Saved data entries
=======

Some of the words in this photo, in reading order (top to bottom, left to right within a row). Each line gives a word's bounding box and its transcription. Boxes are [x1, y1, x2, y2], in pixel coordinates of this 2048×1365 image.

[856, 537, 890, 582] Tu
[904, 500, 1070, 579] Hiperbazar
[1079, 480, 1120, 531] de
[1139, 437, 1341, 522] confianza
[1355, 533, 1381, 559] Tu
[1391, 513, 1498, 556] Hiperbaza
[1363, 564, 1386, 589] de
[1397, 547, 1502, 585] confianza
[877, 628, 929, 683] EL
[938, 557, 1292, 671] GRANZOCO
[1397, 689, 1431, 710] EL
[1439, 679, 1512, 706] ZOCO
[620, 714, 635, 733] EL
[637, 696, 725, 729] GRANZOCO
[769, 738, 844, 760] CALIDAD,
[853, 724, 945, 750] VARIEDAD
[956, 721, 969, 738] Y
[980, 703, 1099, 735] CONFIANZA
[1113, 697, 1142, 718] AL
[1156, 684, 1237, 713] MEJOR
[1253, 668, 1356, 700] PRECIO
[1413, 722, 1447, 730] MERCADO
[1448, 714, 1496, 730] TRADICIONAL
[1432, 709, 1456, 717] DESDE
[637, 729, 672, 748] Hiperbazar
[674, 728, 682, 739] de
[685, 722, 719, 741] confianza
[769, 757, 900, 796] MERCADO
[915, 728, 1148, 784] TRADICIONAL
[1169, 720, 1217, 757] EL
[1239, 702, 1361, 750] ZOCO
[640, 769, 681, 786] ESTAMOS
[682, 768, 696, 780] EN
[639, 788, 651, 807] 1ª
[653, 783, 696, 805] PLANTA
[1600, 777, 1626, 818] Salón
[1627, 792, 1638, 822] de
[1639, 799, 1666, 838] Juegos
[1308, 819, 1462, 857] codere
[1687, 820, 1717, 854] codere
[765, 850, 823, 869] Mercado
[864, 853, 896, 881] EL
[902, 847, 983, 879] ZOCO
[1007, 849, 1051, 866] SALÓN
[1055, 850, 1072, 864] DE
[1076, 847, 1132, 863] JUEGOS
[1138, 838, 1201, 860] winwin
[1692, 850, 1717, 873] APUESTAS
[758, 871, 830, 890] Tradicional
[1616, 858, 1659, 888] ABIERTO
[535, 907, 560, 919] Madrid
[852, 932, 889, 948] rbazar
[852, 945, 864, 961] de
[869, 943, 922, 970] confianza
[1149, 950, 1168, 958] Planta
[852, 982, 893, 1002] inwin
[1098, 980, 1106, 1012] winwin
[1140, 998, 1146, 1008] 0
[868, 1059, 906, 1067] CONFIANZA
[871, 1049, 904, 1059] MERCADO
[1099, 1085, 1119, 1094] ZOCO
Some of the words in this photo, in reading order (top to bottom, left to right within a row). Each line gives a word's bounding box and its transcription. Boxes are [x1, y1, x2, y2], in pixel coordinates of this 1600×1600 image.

=======

* Your task
Exact retyping of all the entries is required.

* Solution to this exercise
Some of the words in this photo, in reading order (top to bottom, left to right within a row). Each line gives a word's bounding box and its transcription. Boxes are [x1, y1, x2, y2], in pixel coordinates of this 2048×1365 image.

[856, 537, 890, 582] Tu
[904, 500, 1070, 579] Hiperbazar
[1079, 480, 1120, 531] de
[1139, 437, 1341, 522] confianza
[1355, 533, 1381, 559] Tu
[1391, 513, 1498, 556] Hiperbaza
[1363, 564, 1386, 589] de
[1397, 547, 1502, 585] confianza
[877, 628, 929, 683] EL
[938, 557, 1292, 671] GRANZOCO
[1397, 689, 1431, 710] EL
[1439, 679, 1512, 706] ZOCO
[620, 714, 635, 733] EL
[637, 696, 725, 729] GRANZOCO
[769, 738, 844, 760] CALIDAD,
[853, 724, 945, 750] VARIEDAD
[956, 721, 969, 738] Y
[980, 703, 1099, 735] CONFIANZA
[1113, 697, 1142, 718] AL
[1156, 684, 1237, 713] MEJOR
[1253, 668, 1356, 700] PRECIO
[1413, 722, 1447, 730] MERCADO
[1448, 714, 1496, 730] TRADICIONAL
[1432, 709, 1456, 717] DESDE
[637, 729, 672, 748] Hiperbazar
[674, 728, 682, 739] de
[685, 722, 719, 741] confianza
[769, 757, 900, 796] MERCADO
[915, 728, 1148, 784] TRADICIONAL
[1169, 720, 1217, 757] EL
[1239, 702, 1361, 750] ZOCO
[640, 769, 681, 786] ESTAMOS
[682, 768, 696, 780] EN
[639, 788, 651, 807] 1ª
[653, 783, 696, 805] PLANTA
[1600, 777, 1626, 818] Salón
[1627, 792, 1638, 822] de
[1639, 799, 1666, 838] Juegos
[1308, 819, 1462, 857] codere
[1687, 820, 1717, 854] codere
[765, 850, 823, 869] Mercado
[864, 853, 896, 881] EL
[902, 847, 983, 879] ZOCO
[1007, 849, 1051, 866] SALÓN
[1055, 850, 1072, 864] DE
[1076, 847, 1132, 863] JUEGOS
[1138, 838, 1201, 860] winwin
[1692, 850, 1717, 873] APUESTAS
[758, 871, 830, 890] Tradicional
[1616, 858, 1659, 888] ABIERTO
[535, 907, 560, 919] Madrid
[852, 932, 889, 948] rbazar
[852, 945, 864, 961] de
[869, 943, 922, 970] confianza
[1149, 950, 1168, 958] Planta
[852, 982, 893, 1002] inwin
[1098, 980, 1106, 1012] winwin
[1140, 998, 1146, 1008] 0
[868, 1059, 906, 1067] CONFIANZA
[871, 1049, 904, 1059] MERCADO
[1099, 1085, 1119, 1094] ZOCO
Some of the words in this photo, in reading order (top to bottom, left to right within a row). Each line gives a word's bounding box and its transcription. Boxes are [x1, y1, x2, y2], in pixel coordinates of this 1600×1600 image.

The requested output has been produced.